The Rheingau – Germany’s Premier Wine Region
Posted on July 26, 2016
Germany, like France, the USA and other temperate countries, has a number of designated wine growing districts. The Rheingau is one of Germany’s smallest but most highly regarded regions, about one eighth the size of Sonoma County’s vineyard acreage. When Eva and I were dating back in the mid 60s, we became very familiar with Napa Valley wines and did a lot of tasting at wineries there. We especially liked Souverain riesling.
We also became familiar with the fine San Francisco wine importer Draper & Esquin. We learned a lot about German, as well as French, wines from Esquin. For our honeymoon trip to Germany and vicinity, Esquin wrote letters of introduction to a number of wineries and shippers which we visited (wineries at that time were not open to the public). The Mosel and Rheingau regions were tops on the list, both prime riesling territory.
On this trip we spent many a day wandering the backroads and hiking many trails through some of the most famous vineyards of all the world. We stayed five days in gorgeous places surrounded by vineyards. We consumed perhaps a bit too much wine.
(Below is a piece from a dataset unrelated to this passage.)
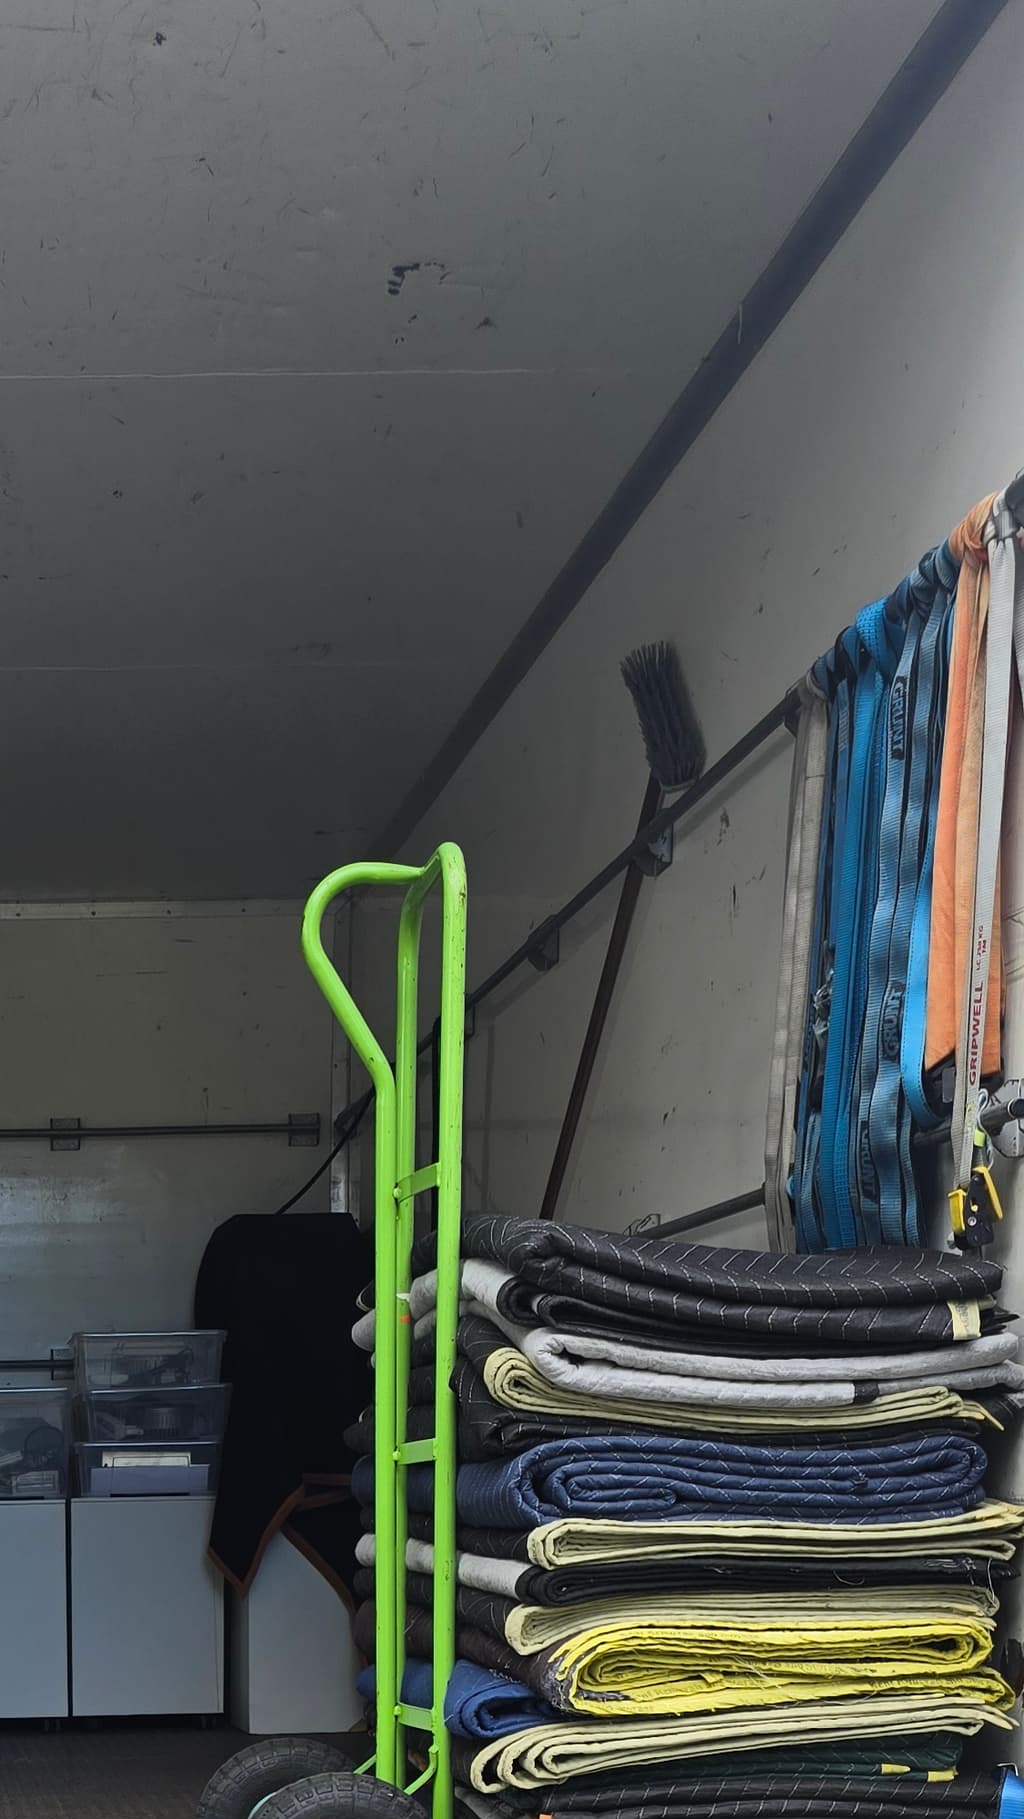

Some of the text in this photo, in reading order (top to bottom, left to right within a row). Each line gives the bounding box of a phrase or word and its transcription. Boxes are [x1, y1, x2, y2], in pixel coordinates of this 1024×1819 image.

Eltville, Hattenheim and Erbach are wine towns of note. Schloss Vollrads, Kloster Eberbach, Schloss Reinhartshausen and Baron Langwerth von Sommern are wine estates at the top of world class producers.
We stayed in two places way up in the vineyards, near the treeline, with the Rhine River far below, one place in Erbach and the other in Hattenheim.
One morning we walked to Schloss Vollrads, about a mile away.
In Eltville we began to think of lunch just about the time most places were closing. We took a stab at this rather unassuming restaurant and found it was open and bustling. We were the last to leave.
Let’s take a look around at a few things that pleased us.
One day we sought out Martin Winery, where we had last visited 15 years before. We were greeted by Mr. Martin himself. His mother at age 86 has retired but is as sharp as ever, he said. The winery has been in the family for generations.
Before we left the Rheingau, we had to have another good meal at the fine restaurant in Eltville. We sat on the terrace, as it was another fine, warm day.
And now we must say for now – Auf Wiedersehen.